- [Brief] Give back the records that follow exactly, images excluded.

____

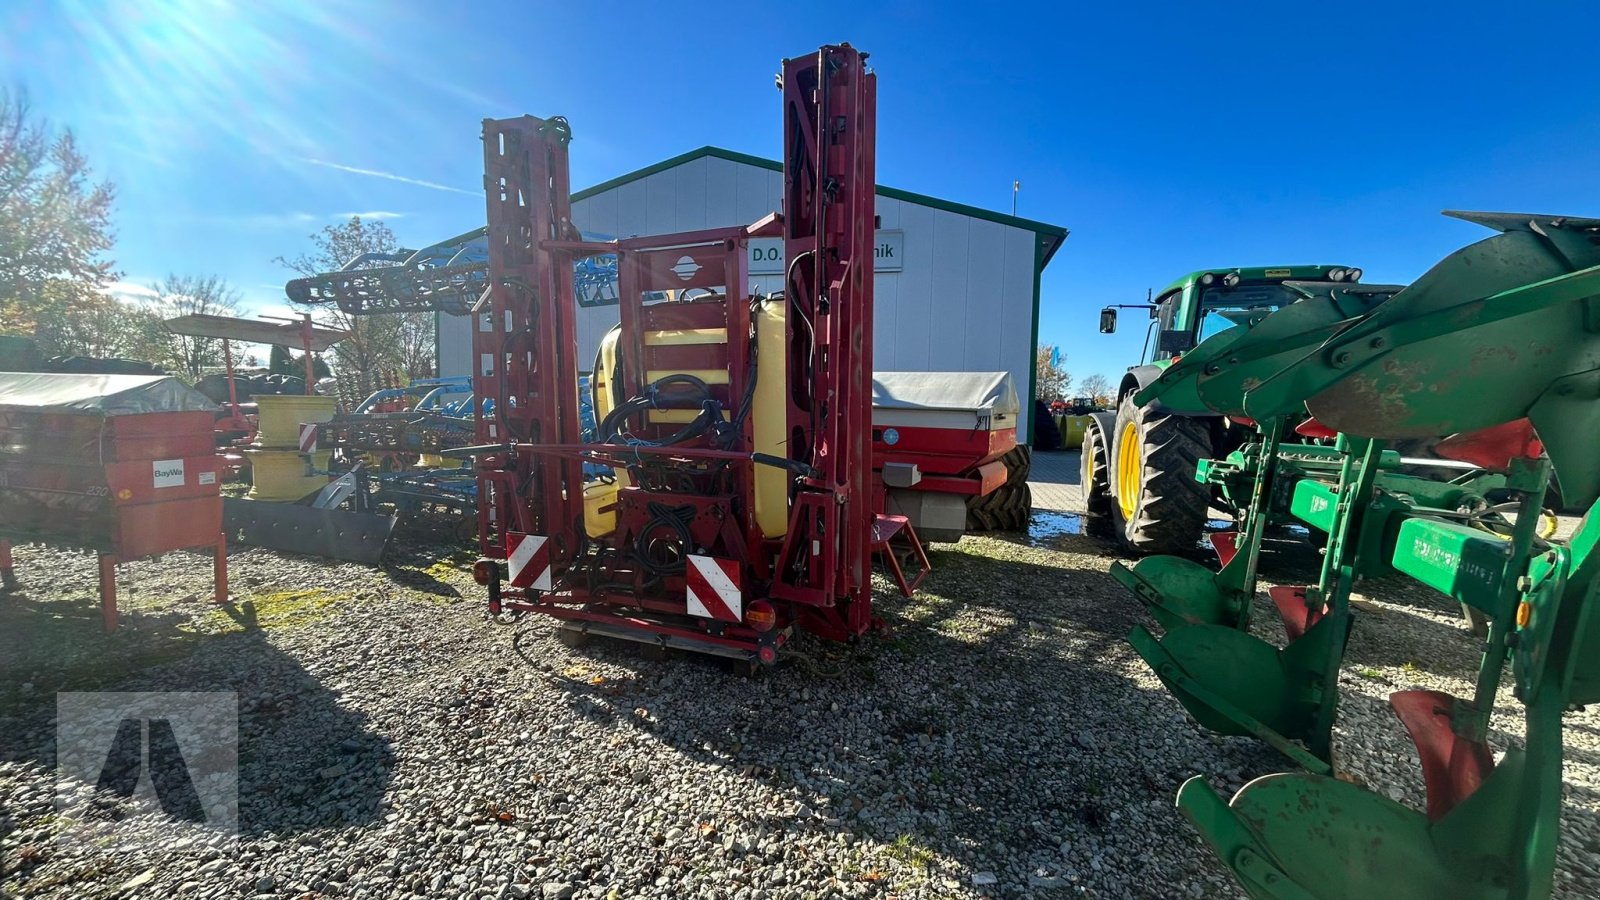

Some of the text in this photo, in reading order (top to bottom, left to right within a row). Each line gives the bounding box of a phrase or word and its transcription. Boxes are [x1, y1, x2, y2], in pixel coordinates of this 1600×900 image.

[753, 248, 782, 261] D.O.
[154, 468, 183, 478] BayWa
[86, 486, 109, 497] 230
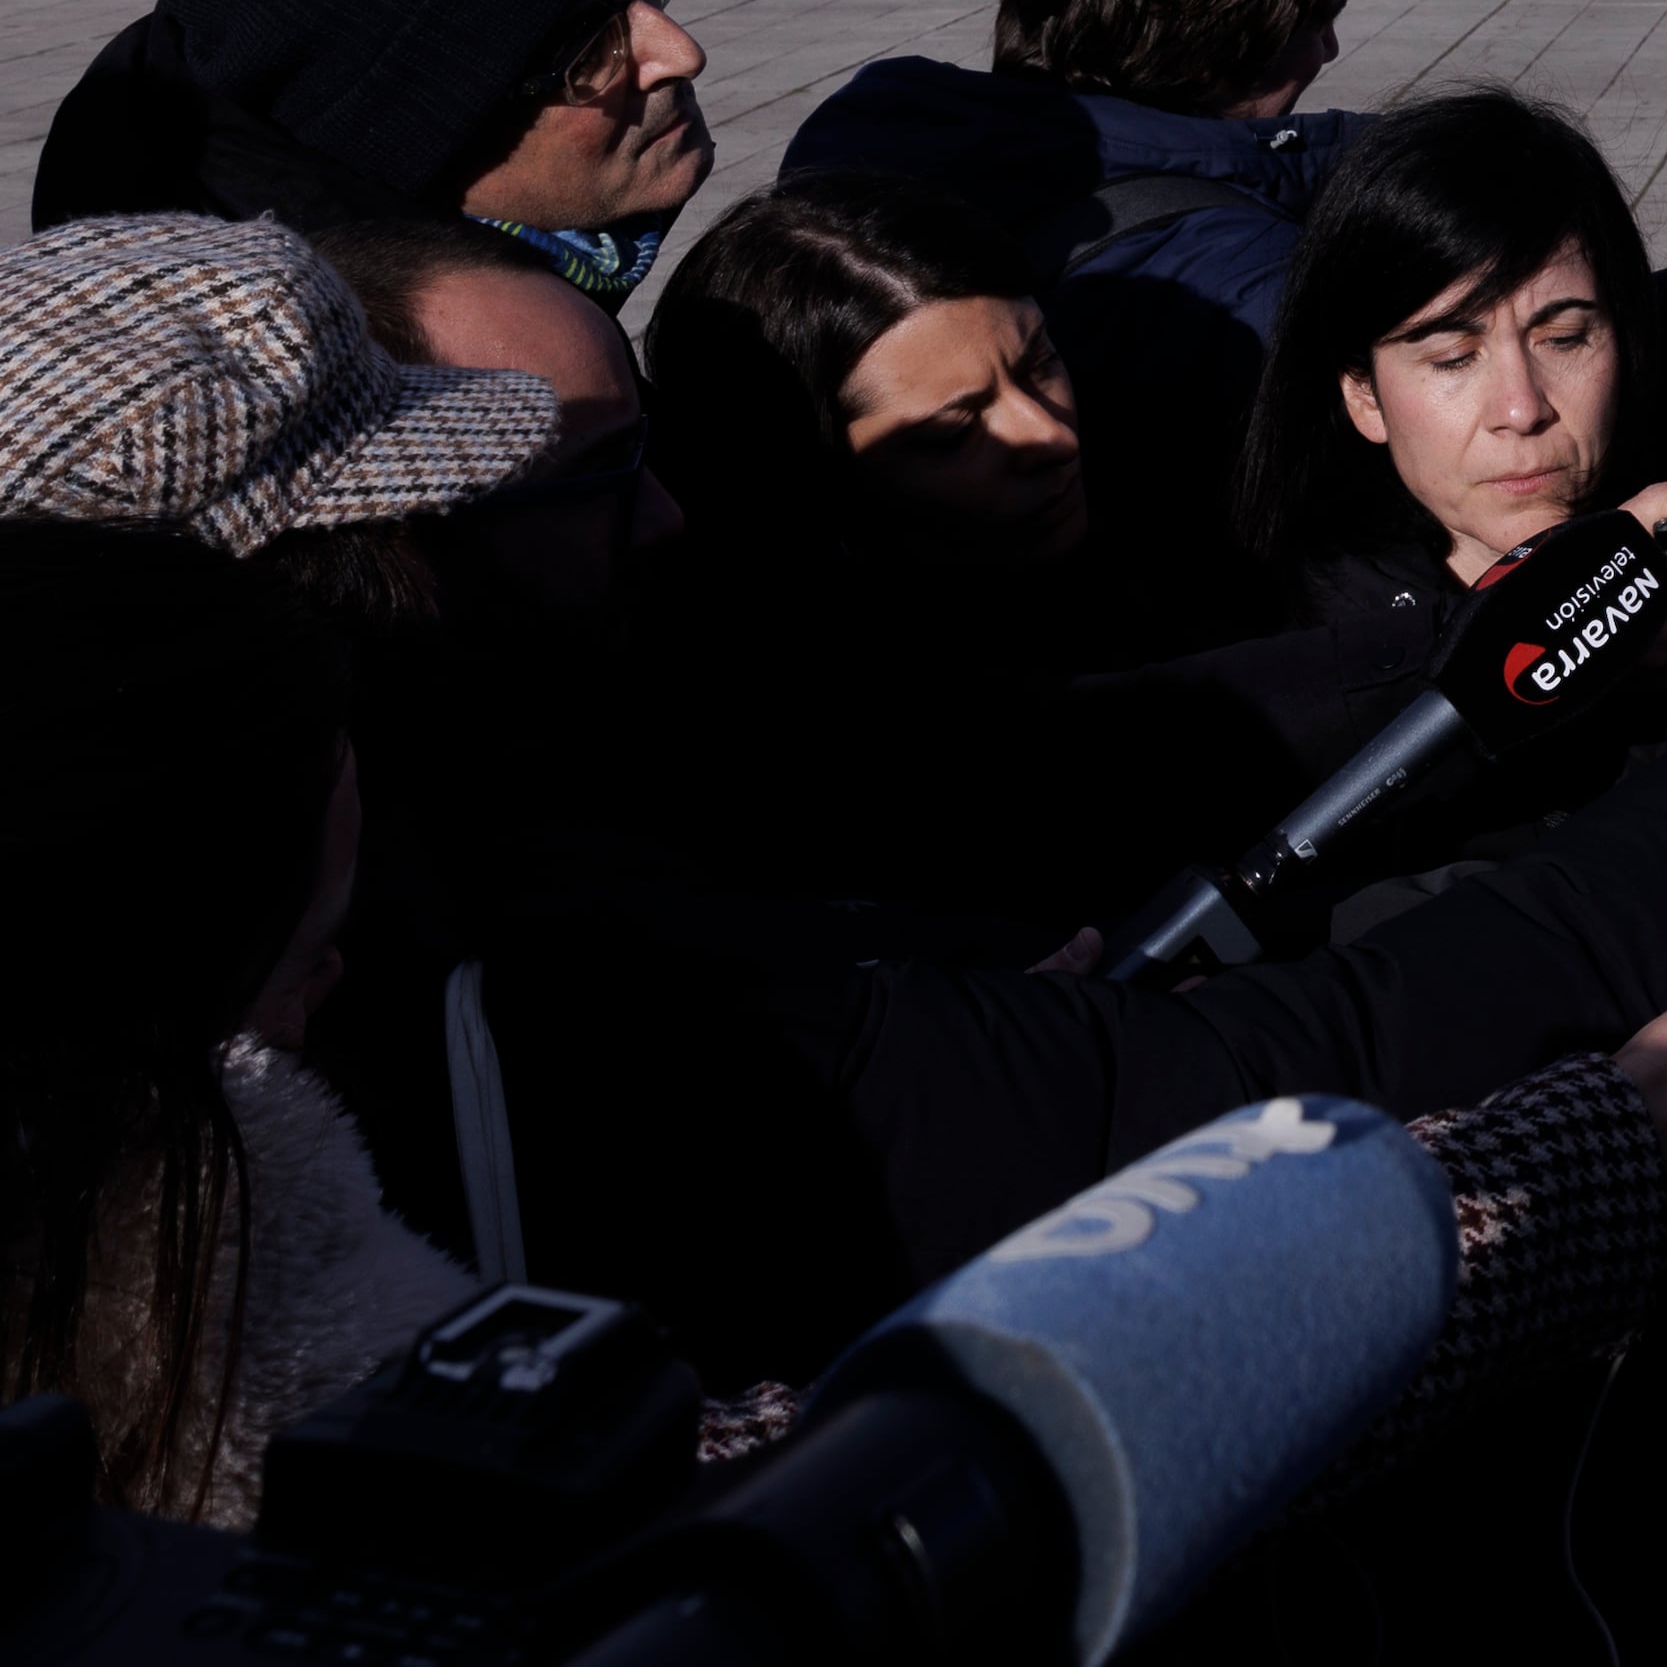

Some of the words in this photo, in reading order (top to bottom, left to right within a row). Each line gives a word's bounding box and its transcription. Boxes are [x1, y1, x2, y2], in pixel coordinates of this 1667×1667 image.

[1531, 568, 1660, 691] Navarra
[1546, 546, 1637, 630] televisión
[1337, 787, 1382, 827] SENNHEISER

____

- [Reply]
Some of the text in this photo, in reading order (top to bottom, left to right within a row). Each line gives the bounding box of a phrase or word and its transcription. Boxes are [x1, y1, x2, y2], in pixel coordinates of this 1600×900 image.

[753, 248, 782, 261] D.O.
[154, 468, 183, 478] BayWa
[86, 486, 109, 497] 230

Some of the words in this photo, in reading order (top to bottom, left to right within a row). Each line gives a word's bounding box and its transcription. Boxes are [x1, y1, x2, y2], in pixel coordinates of this 1667×1667 image.

[1531, 568, 1660, 691] Navarra
[1546, 546, 1637, 630] televisión
[1337, 787, 1382, 827] SENNHEISER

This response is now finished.